## WHAT THIS TASK INVOLVES:
Restate the whole of the data below word for word, skipping the images.

(Collection entries)
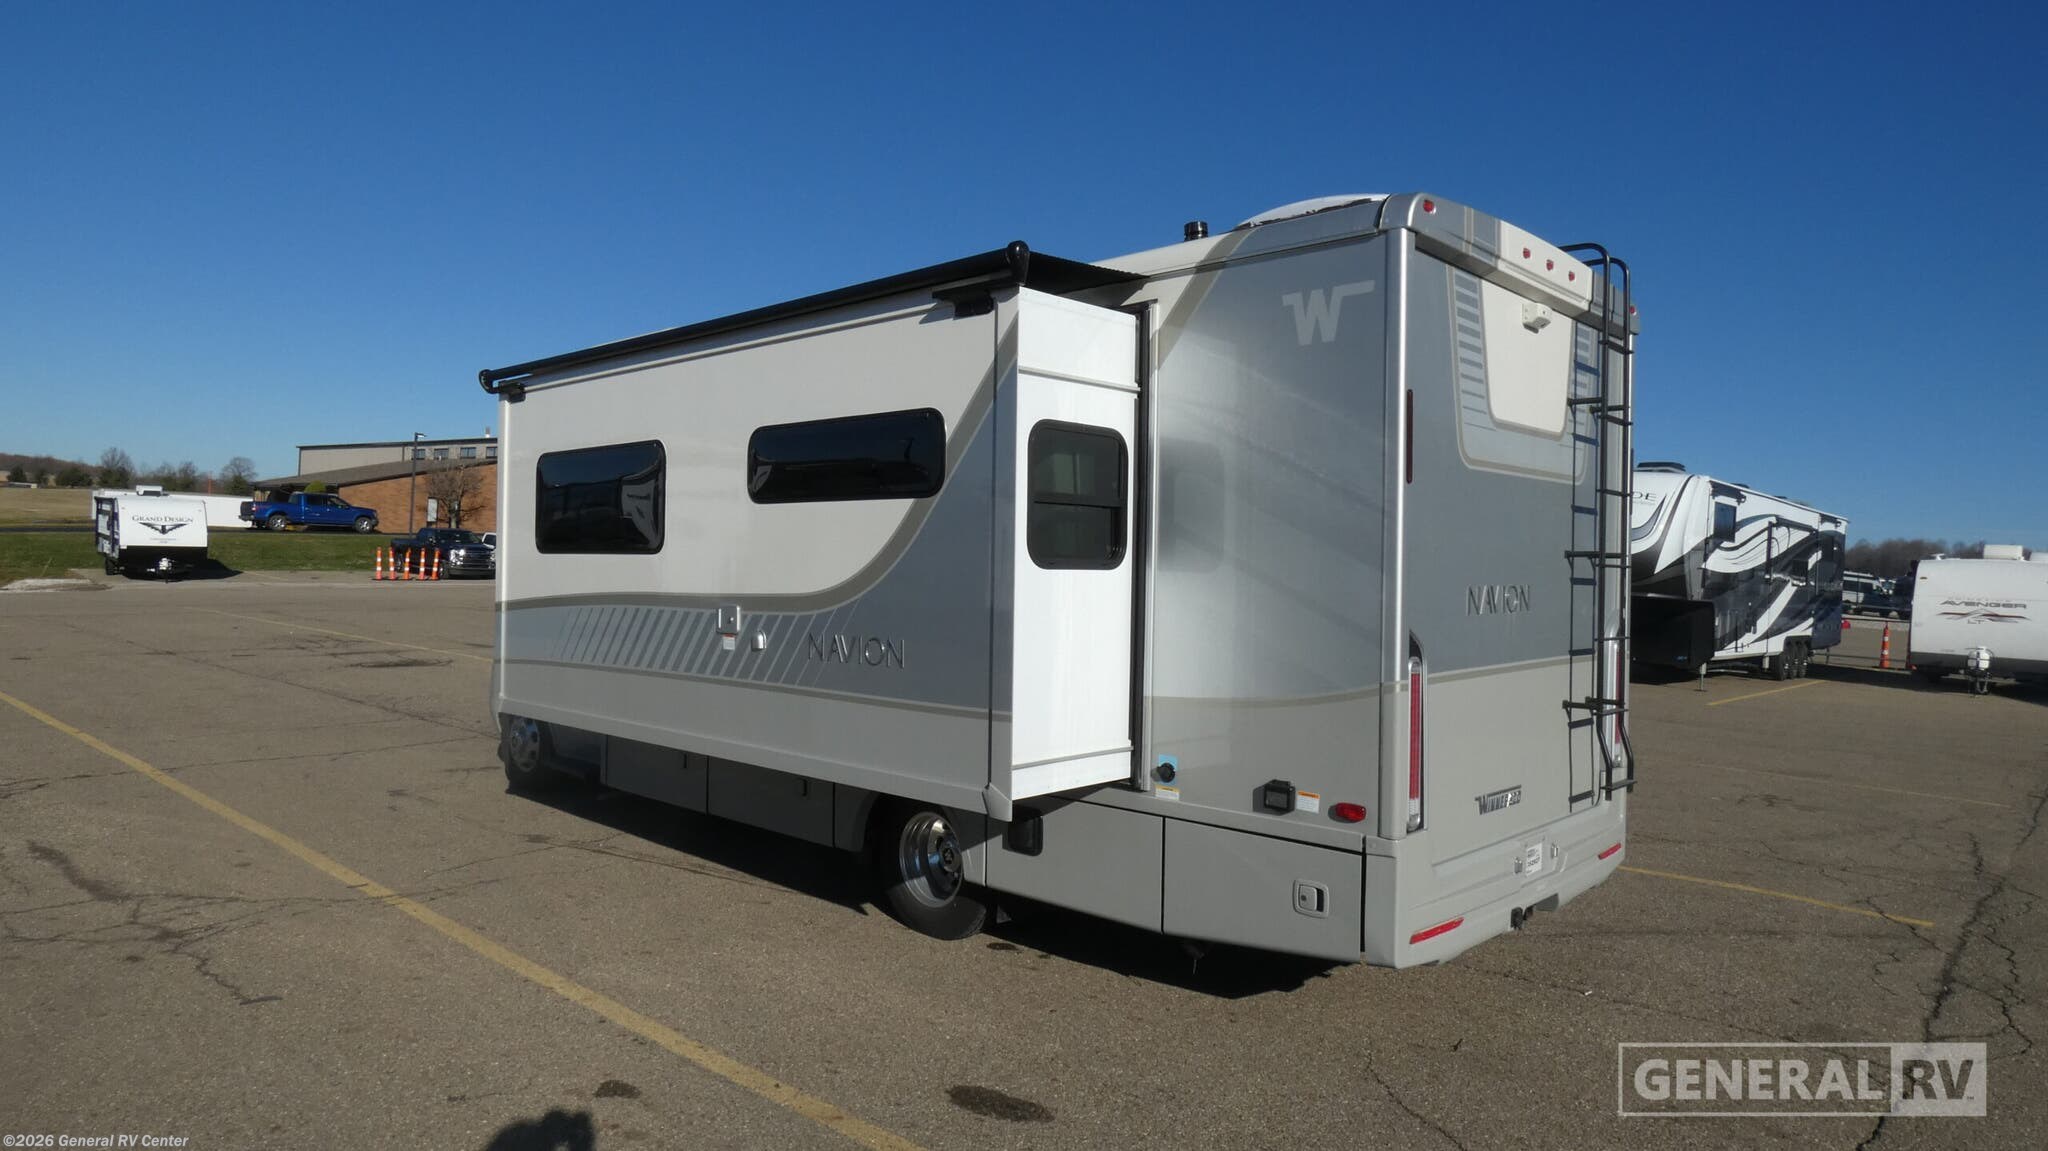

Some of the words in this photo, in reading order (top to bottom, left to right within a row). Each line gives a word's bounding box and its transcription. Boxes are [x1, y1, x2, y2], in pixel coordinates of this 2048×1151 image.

[1465, 585, 1530, 615] NAVION
[1940, 600, 2027, 609] AVENGER
[808, 632, 905, 669] NAVION
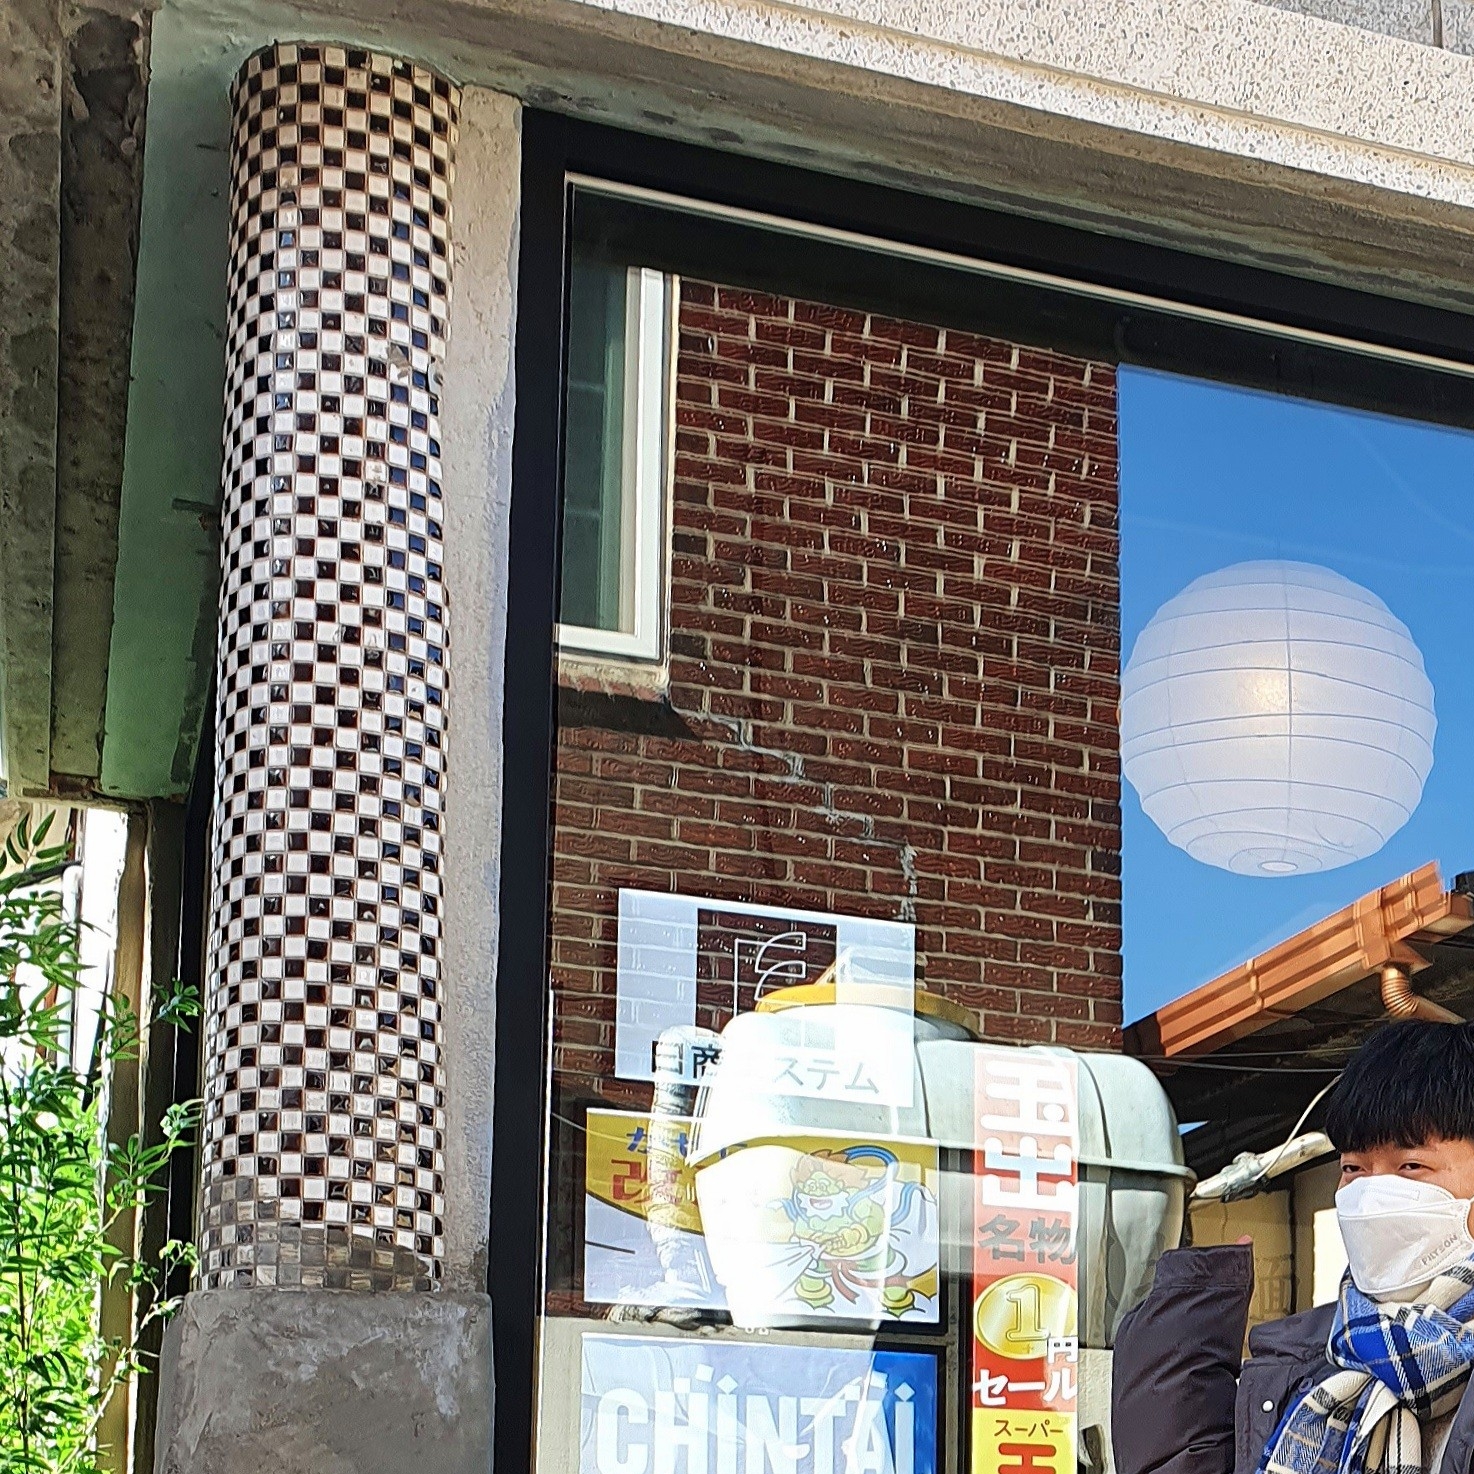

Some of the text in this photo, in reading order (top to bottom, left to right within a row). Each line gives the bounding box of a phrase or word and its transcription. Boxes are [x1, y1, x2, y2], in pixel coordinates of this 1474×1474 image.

[972, 1368, 1078, 1406] セール
[994, 1419, 1064, 1438] スーパー
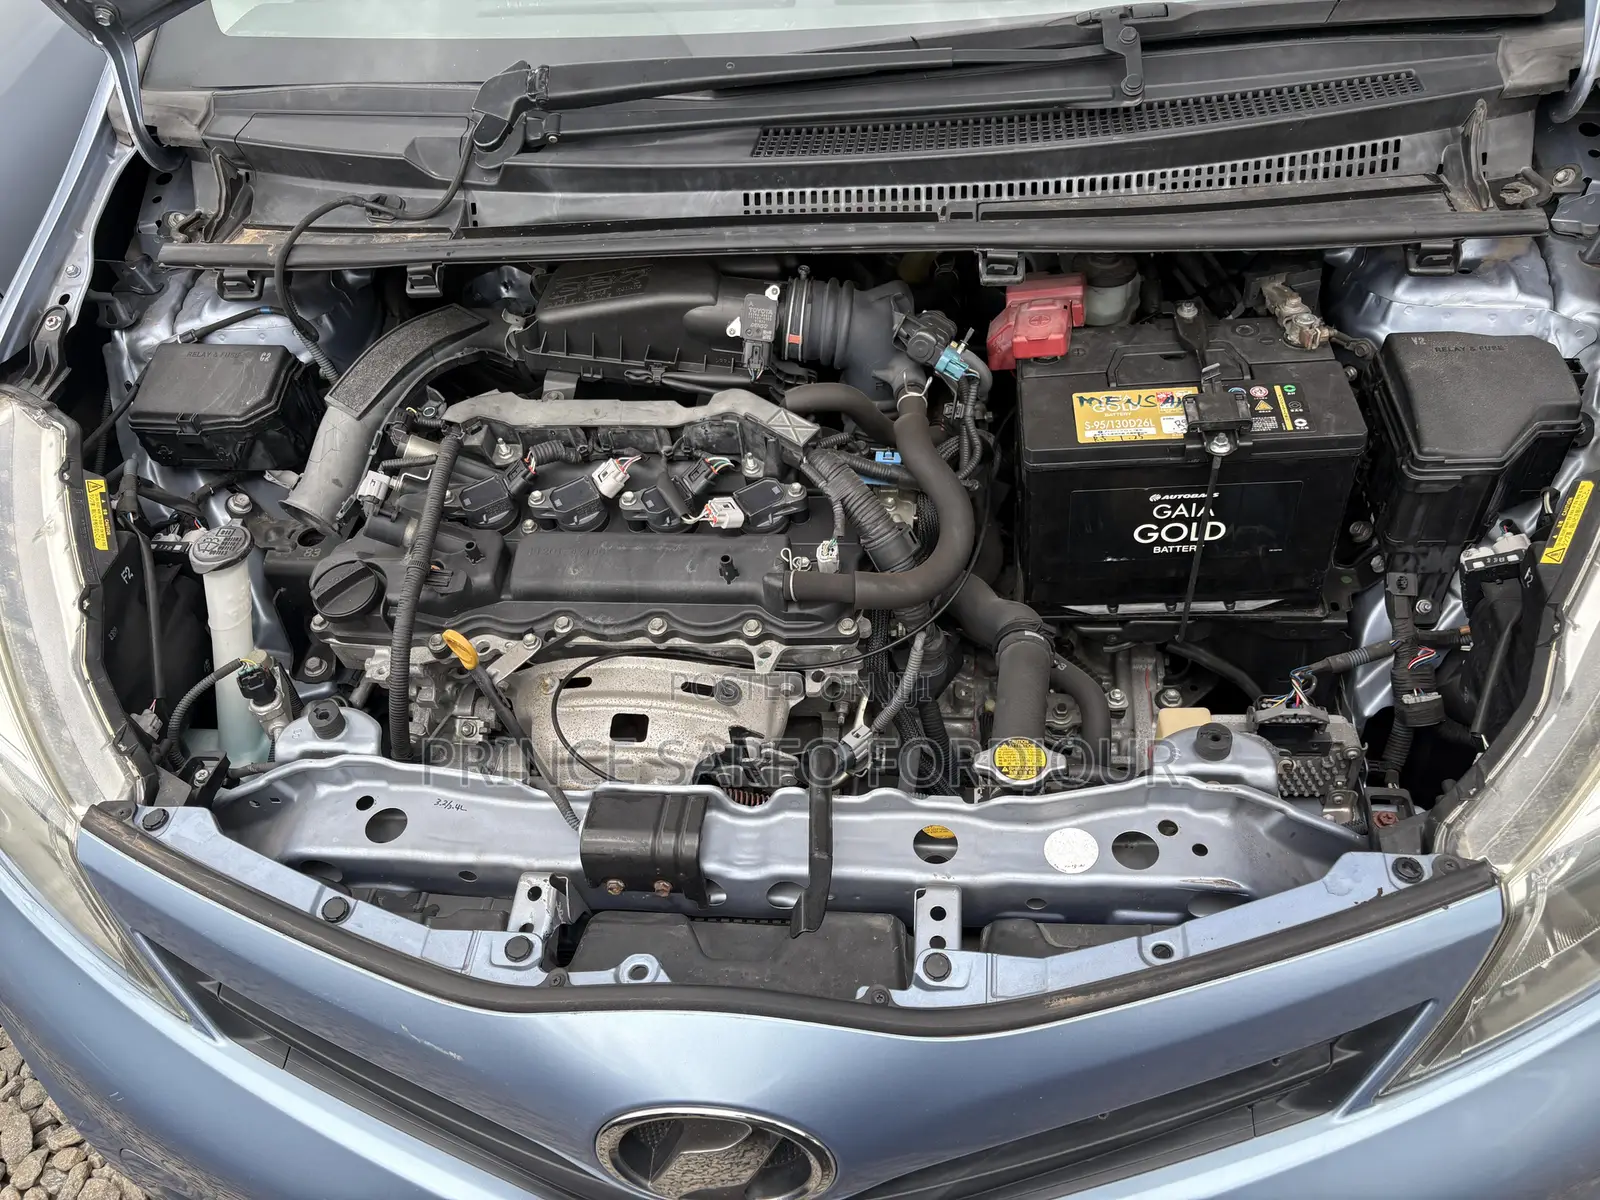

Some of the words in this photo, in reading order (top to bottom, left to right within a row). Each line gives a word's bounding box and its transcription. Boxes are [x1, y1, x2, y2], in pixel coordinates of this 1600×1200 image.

[1434, 345, 1465, 353] RELAY
[1084, 418, 1156, 431] S-95/130D26L
[1160, 492, 1220, 501] AUTOBAS
[1133, 521, 1227, 544] GOLD
[1153, 544, 1205, 554] BATTER

## WRITTEN ANSWER:
Some of the words in this photo, in reading order (top to bottom, left to right within a row). Each line gives a word's bounding box and its transcription. Boxes are [x1, y1, x2, y2], in pixel coordinates of this 2048×1151 image.

[1465, 585, 1530, 615] NAVION
[1940, 600, 2027, 609] AVENGER
[808, 632, 905, 669] NAVION

Some of the text in this photo, in reading order (top to bottom, left to right within a row). Each line gives the bounding box of a phrase or word and its transcription. Boxes are [x1, y1, x2, y2], in pixel coordinates of this 1474×1474 image.

[972, 1368, 1078, 1406] セール
[994, 1419, 1064, 1438] スーパー

Some of the words in this photo, in reading order (top to bottom, left to right within a row). Each line gives a word's bounding box and its transcription. Boxes are [x1, y1, x2, y2], in pixel coordinates of this 1600×1200 image.

[1434, 345, 1465, 353] RELAY
[1084, 418, 1156, 431] S-95/130D26L
[1160, 492, 1220, 501] AUTOBAS
[1133, 521, 1227, 544] GOLD
[1153, 544, 1205, 554] BATTER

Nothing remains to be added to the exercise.